Barrett explained that as the number of wildfires has increased so has particle pollution.
“Across the western United States, we see major increases in unhealthy levels of particle pollution, on top of the everyday particle impacts caused by traffic and industry and other sources that we also have to be working on to clean up,” he said.
Obviously, the smoke from wildfires in California doesn't stay put. It moves across the West into Reno and Las Vegas.
While the study showed some troubling trends, Barrett noted that 50 years of the Clean Air Act has been working. The air is cleaner than it was when the American Lung Association first started its survey 21 years ago.

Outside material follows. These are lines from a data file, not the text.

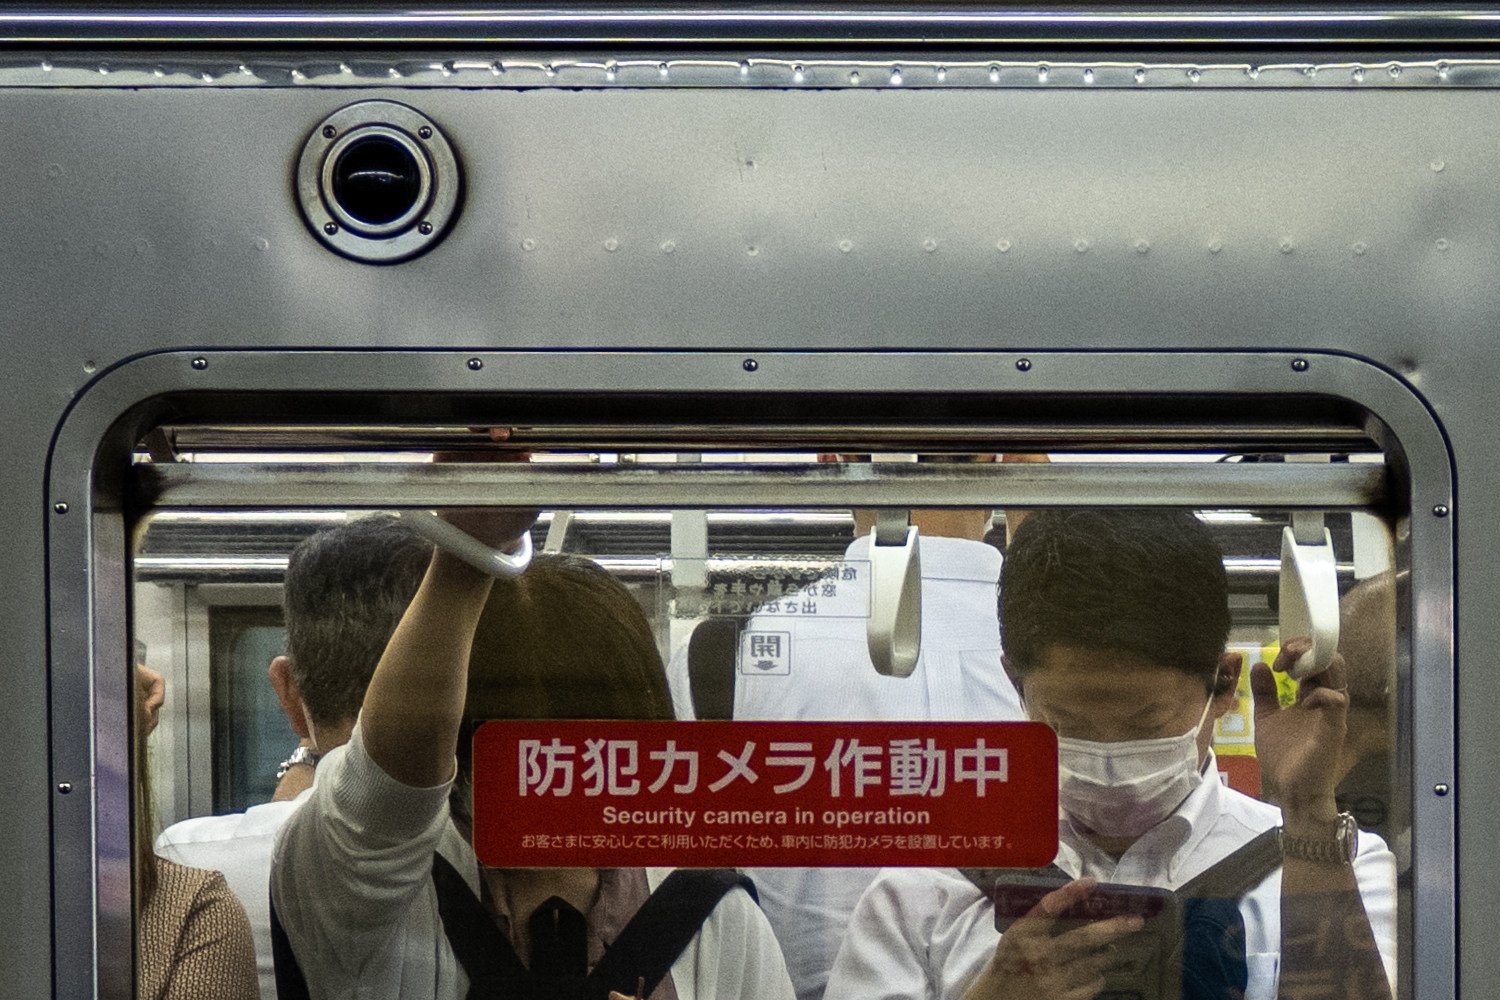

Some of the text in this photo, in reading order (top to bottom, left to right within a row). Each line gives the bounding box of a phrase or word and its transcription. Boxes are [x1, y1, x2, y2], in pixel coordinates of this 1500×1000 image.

[517, 738, 1010, 798] 防犯カメラ作動中
[602, 804, 931, 827] Security camera in operation
[521, 833, 1014, 850] お客さまに安心してご利用いただくため、車内に防犯カメラを設置しています。
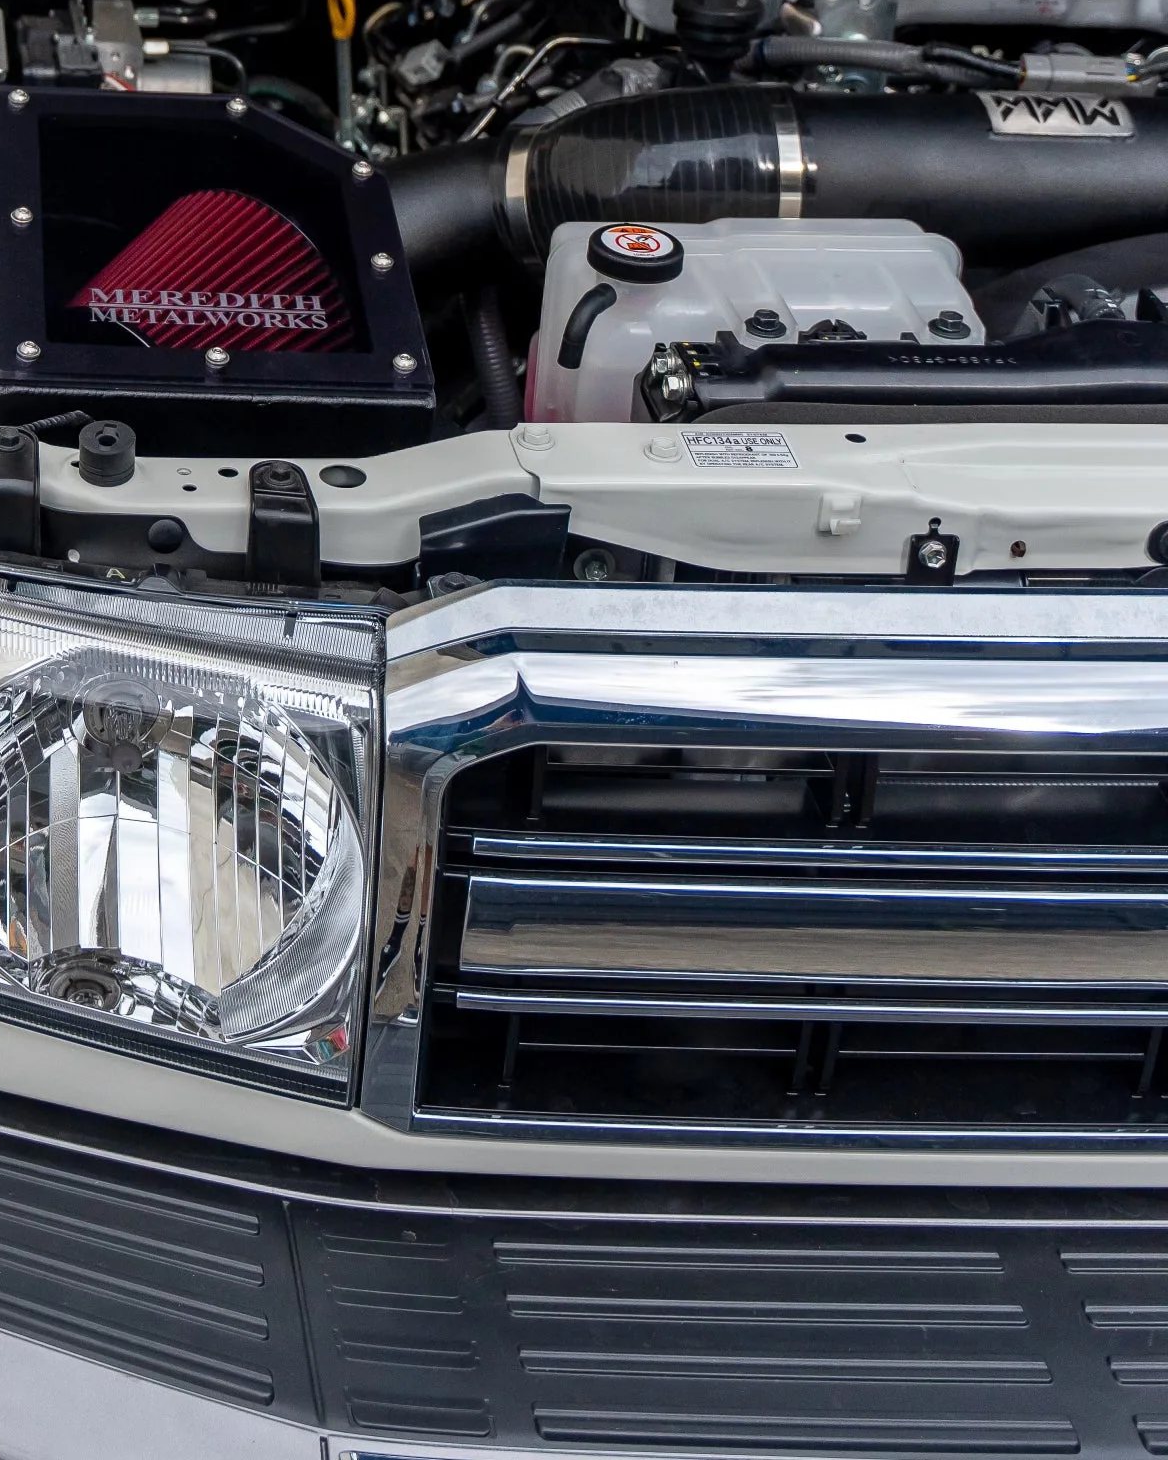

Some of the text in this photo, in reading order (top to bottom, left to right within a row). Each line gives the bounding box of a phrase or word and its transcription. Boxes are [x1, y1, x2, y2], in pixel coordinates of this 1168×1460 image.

[89, 288, 324, 310] MEREDITH
[89, 308, 329, 329] METALWORKS
[742, 437, 759, 445] USE
[759, 437, 782, 445] ONLY
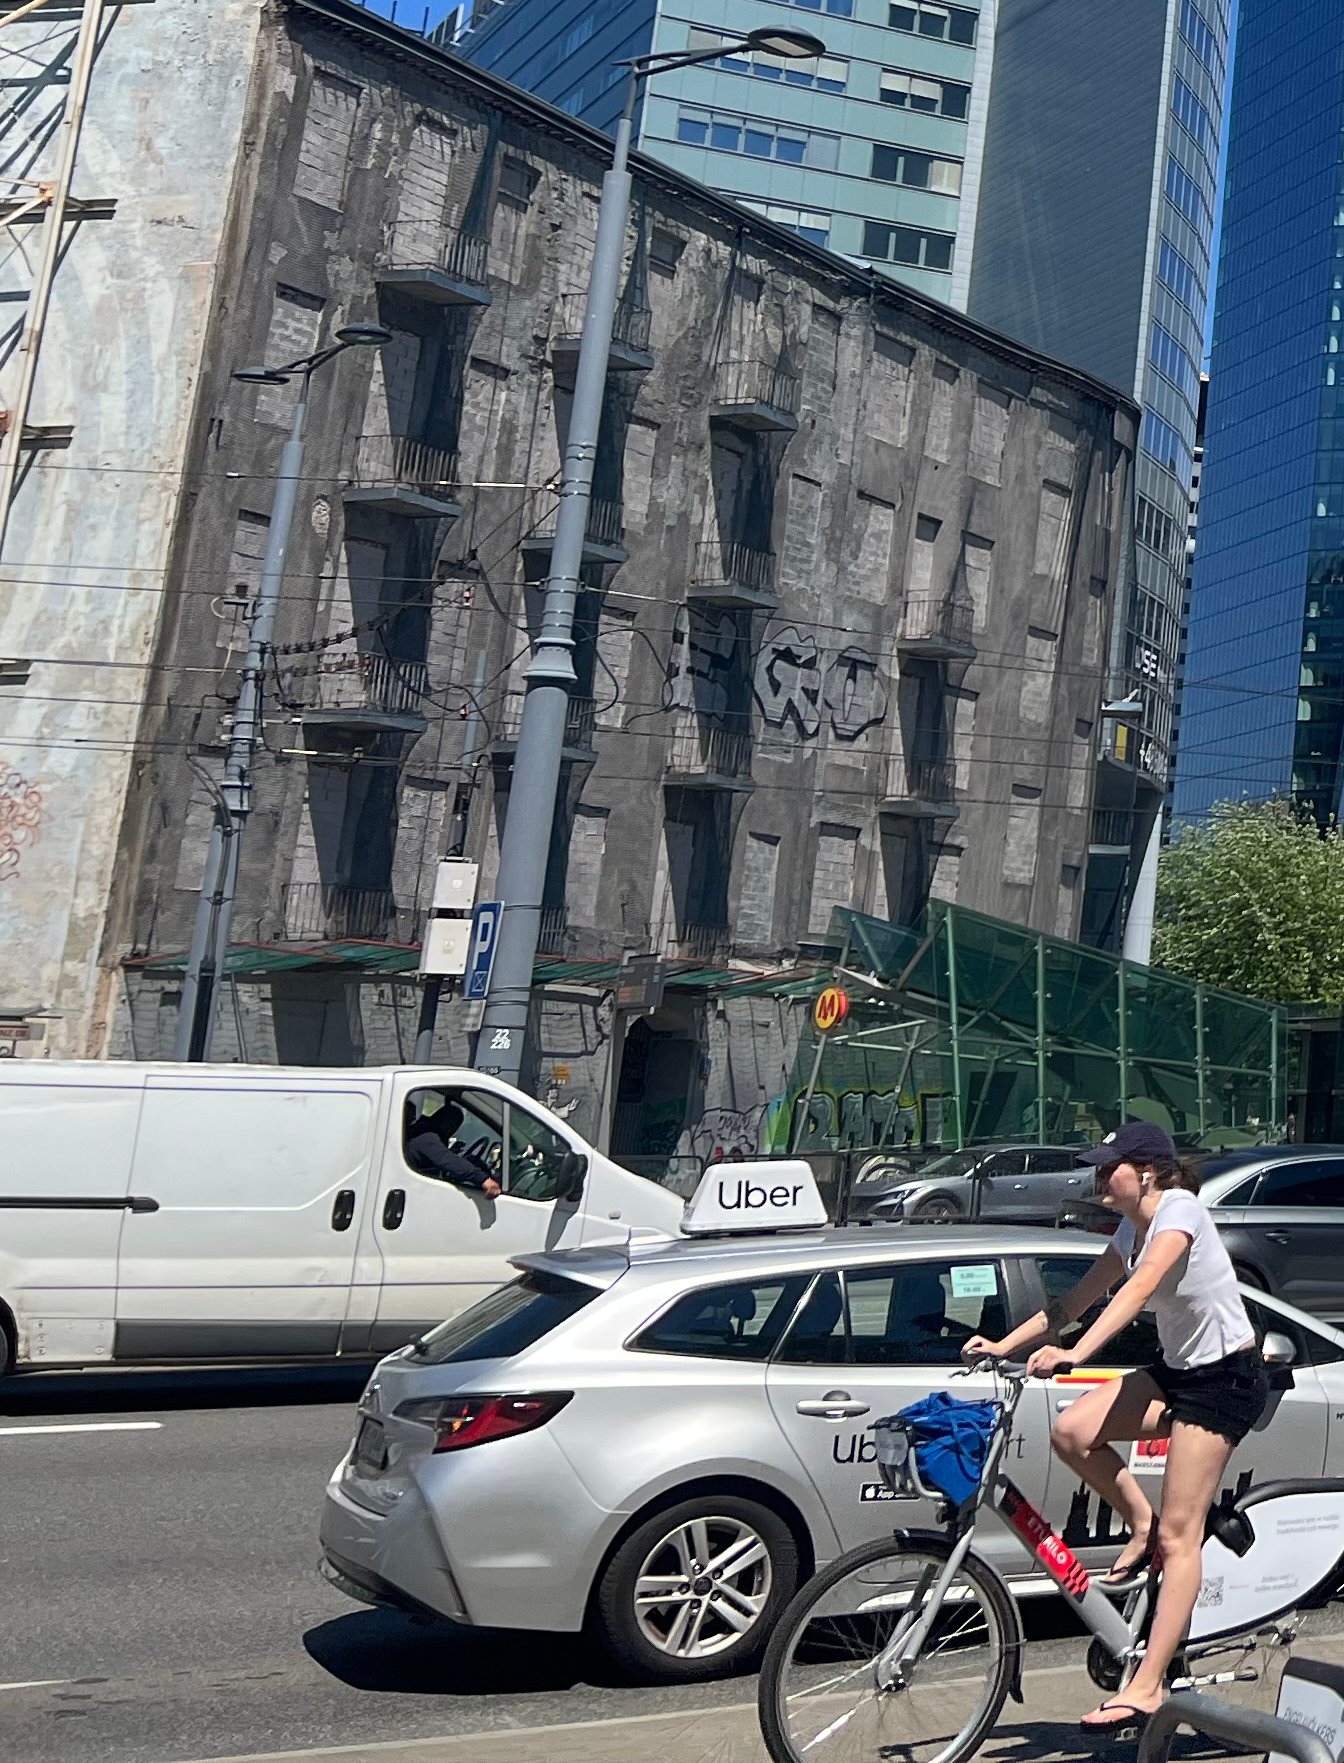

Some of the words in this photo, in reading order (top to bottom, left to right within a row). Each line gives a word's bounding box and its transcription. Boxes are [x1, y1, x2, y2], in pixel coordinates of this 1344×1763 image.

For instance, in some years, Las Vegas recorded 60 days of unhealthy ozone levels. The most recent survey showed 30 days, "which is a significant improvement but still far too many days when the air quality is a potential threat to public health," Barrett said.
Barrett is concerned that climate change combined with efforts by the Trump administration will make it harder to get to air clean enough for everyone.
“We’ve seen rollbacks recently of standards to reduce harmful pollution from vehicle tailpipes," he said. "We’ve seen efforts now that would allow for more harmful pollution from power plants and they’re also planning to stay with a national air quality standard for particle pollution that isn’t as health-protective as it needs to be.”
One of the biggest culprits is the transportation sector. Barrett would like to see more zero-emission modes of transportation to address both air pollution and climate change.
“We just need to know that as our climate changes, as our reality of climate change sets in, we know we need to do more to clean up the air, and potentially, to achieve the same levels of benefit. We might just have to work harder to do it.”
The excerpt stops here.